Sekkingstad told reporters he endured “psychological pressure”, with the Abu Sayyaf threatening several times to behead him.
Sekkingstad, then aged 56, was abducted in September 2015 from the high-end Philippine tourist resort which he managed and was taken to Jolo by the Abu Sayyaf.
Two Canadian resort guests captured with him, John Ridsdel and Robert Hall, were later beheaded by the group after a ransom demand of about 300 million pesos ($6.5 million) was not met.
Sekkingstad said that during the separate killings in April and June, the two handcuffed Canadians were escorted out of sight, “but still close enough that you could hear their cries when it happened.”
“It was devastating,” the visibly shaken Norwegian said.
Sekkingstad said he also survived numerous military attacks on his captors and even saved as a souvenir a bullet that went through his backpack.
The Abu Sayyaf handed the Norwegian over to another Muslim rebel leader Nur Misuari, whose group assisted in the release and at whose camp he spent the night, according to the government.
– Ransom mystery –
Escorted by a small contingent of Jolo police on Sunday, Misuari handed him and the Indonesians over to Dureza at a meeting guarded by hundreds of Misuari’s fighters from the Moro National Liberation Front.
Sekkingstad and Dureza then flew to the southern city of Davao to meet Philippine President Rodrigo Duterte. The three Indonesians were taken to the nearby city of Zamboanga where a retired Indonesian general was waiting to pick them up.
The Indonesians were kidnapped off Lahad Datu, Sabah, Malaysia in July, a regional military spokesman said.
At a press forum with Duterte later, a now-clean shaven Sekkingstad thanked the president and all those who helped obtain his freedom.
It was unclear if any ransom was paid and, if so, by whom.

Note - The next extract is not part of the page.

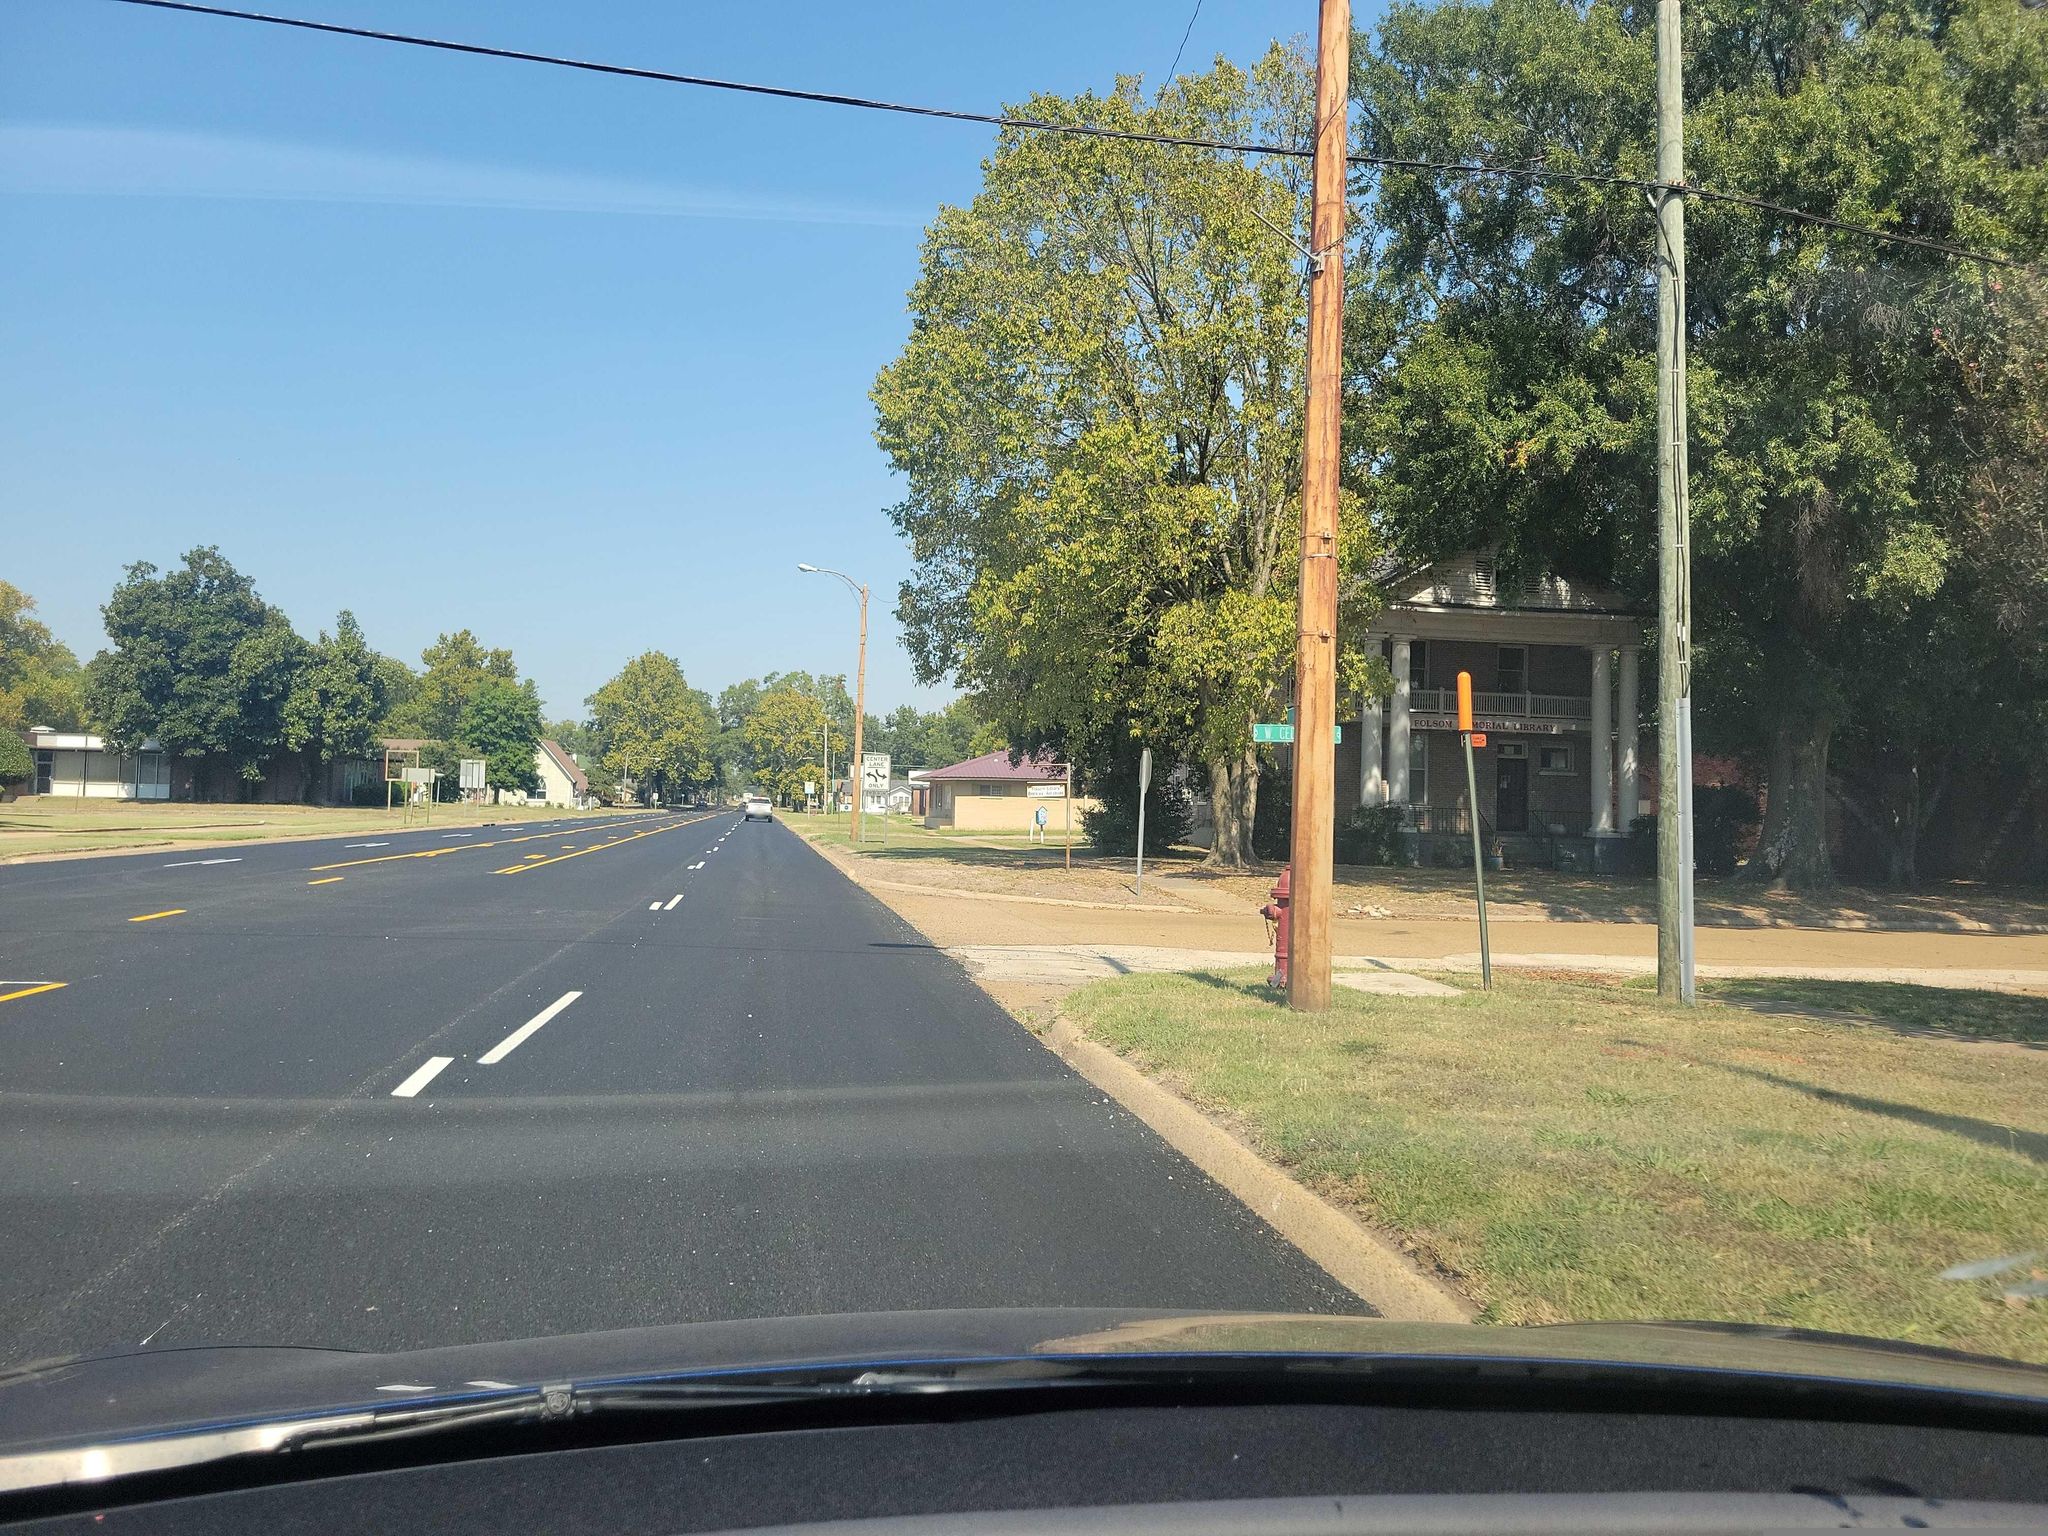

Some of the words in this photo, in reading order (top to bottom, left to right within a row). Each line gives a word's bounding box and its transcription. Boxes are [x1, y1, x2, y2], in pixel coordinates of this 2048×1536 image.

A spokesman for the Abu Sayyaf was quoted in a local newspaper on Sunday as saying the group received 30 million pesos (about $625,000) for the Norwegian.
Norwegian foreign affairs communications chief Frode Andersen told AFP by phone that “the Norwegian government does not pay ransom in this case or any other case”.

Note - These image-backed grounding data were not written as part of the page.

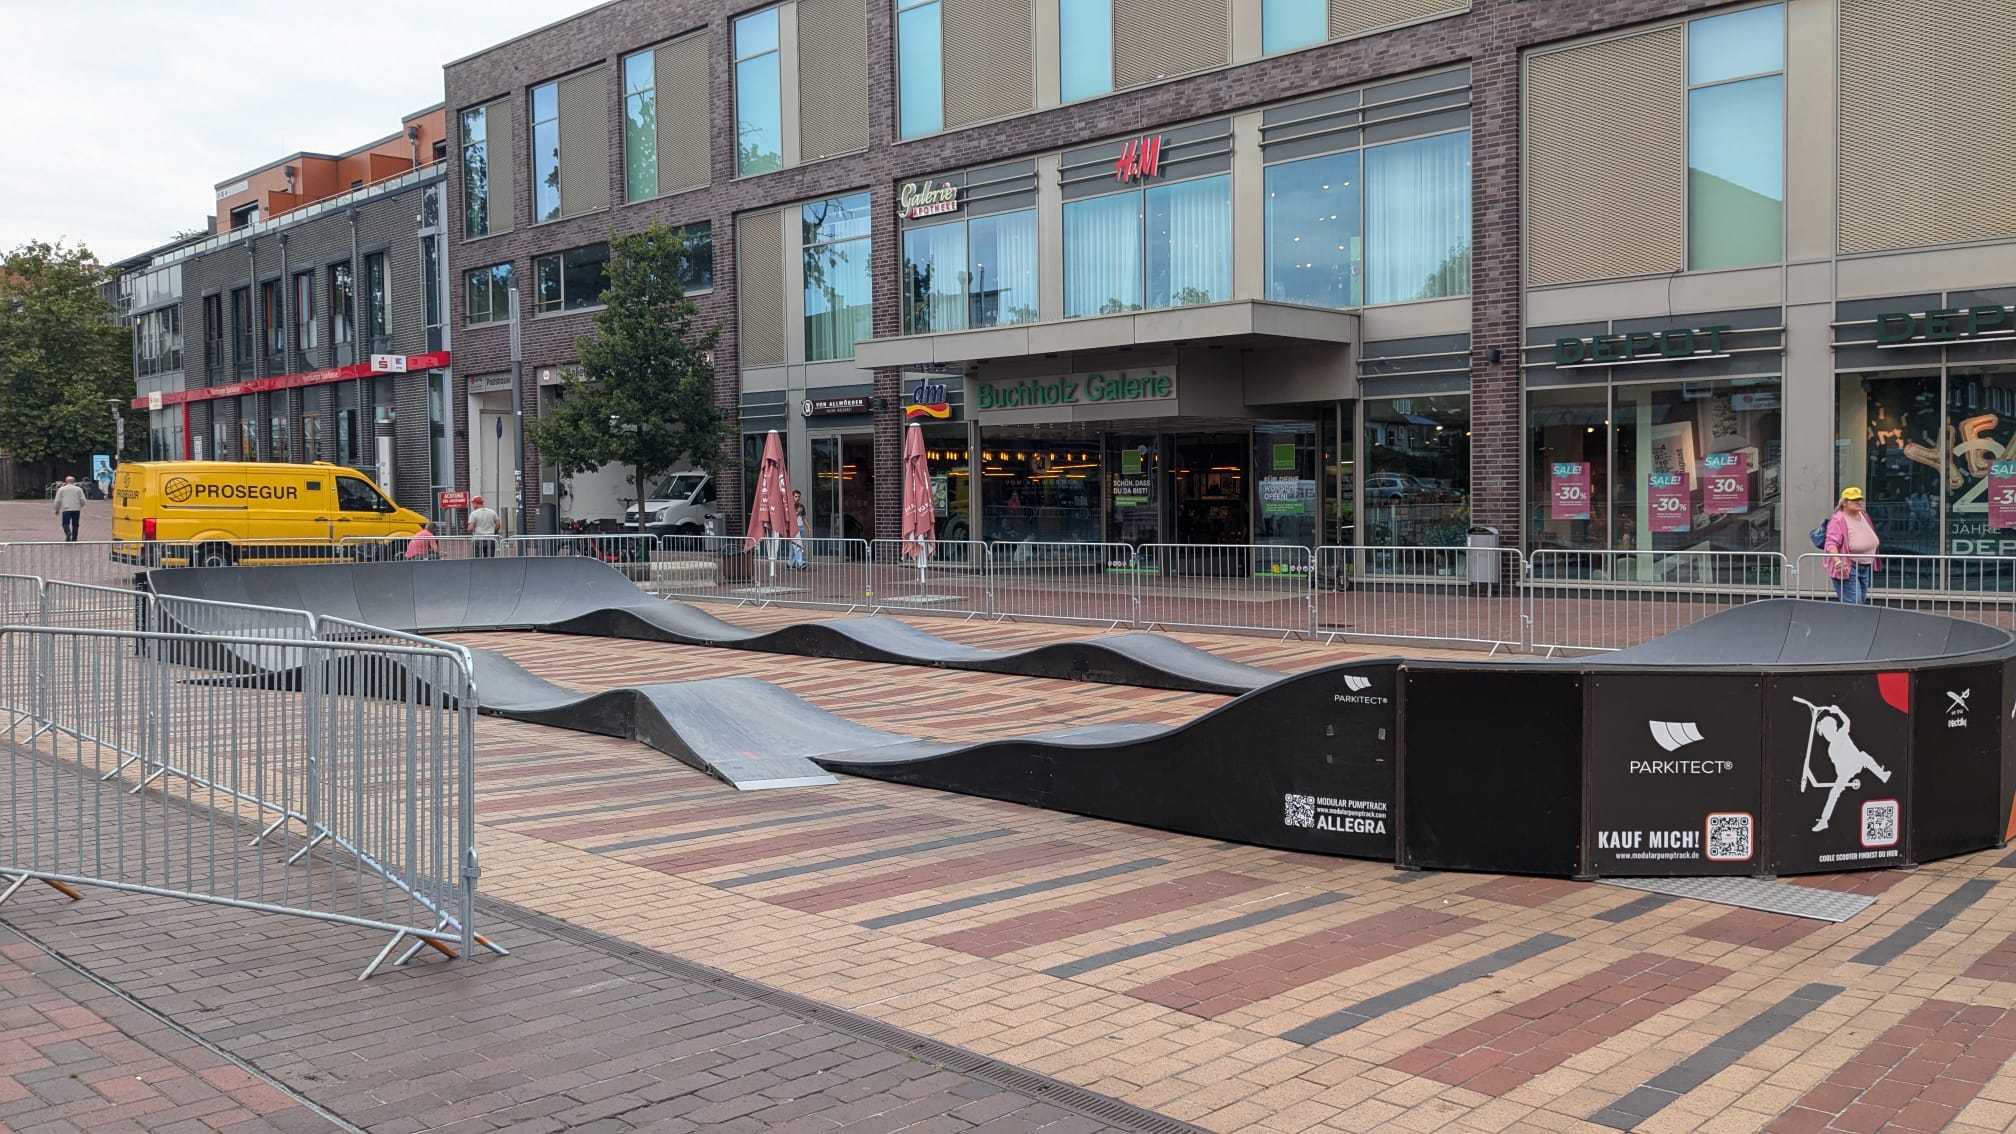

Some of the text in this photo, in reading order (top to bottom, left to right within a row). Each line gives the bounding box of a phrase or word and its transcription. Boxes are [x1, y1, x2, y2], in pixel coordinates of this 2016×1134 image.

[1115, 135, 1161, 183] H&M
[899, 180, 957, 214] Galerie
[911, 201, 957, 218] APOTHEKE
[1877, 305, 2016, 342] DEP
[1555, 325, 1731, 364] DEPOT
[913, 378, 947, 404] dm
[977, 370, 1172, 409] Buchholz Galerie
[1704, 455, 1738, 466] SALE!
[1552, 465, 1582, 475] SALE!
[1649, 475, 1681, 486] SALE!
[1707, 479, 1744, 493] -30%
[195, 484, 297, 500] PROSEGUR
[1555, 486, 1587, 500] -30%
[1652, 497, 1687, 511] -30%
[1317, 796, 1387, 811] MODULAR PUMPTRACK
[1316, 807, 1387, 819] www.modularpumptrack.com
[1317, 814, 1386, 834] ALLEGRA
[1598, 830, 1700, 849] KAUF MICH!
[1615, 851, 1700, 861] www.modularpumptrack.de
[1819, 854, 1835, 862] COOLE
[1836, 852, 1858, 861] SCOOTER
[1858, 851, 1877, 860] FINDEST
[1878, 850, 1886, 858] DU

And Duterte’s spokesman Martin Andanar also said in Manila that “the (Philippine) government maintains the no-ransom policy”.
“Now, if there is a third party like family that paid, we do not know anything about that,” he told reporters.
The Abu Sayyaf was formed in the 1990s with seed money from Osama bin Laden’s Al-Qaeda network.
Based in remote Muslim-populated southern islands of the mainly Catholic Philippines, its kidnappings for ransom — often of foreigners — have earned it millions.
While its leaders have in recent years pledged allegiance to the Islamic State group, analysts say the Abu Sayyaf is mainly focused on crime rather than religious ideology.
The group is blamed for the worst terror attacks in Philippine history and is listed by the United States as a terrorist organisation.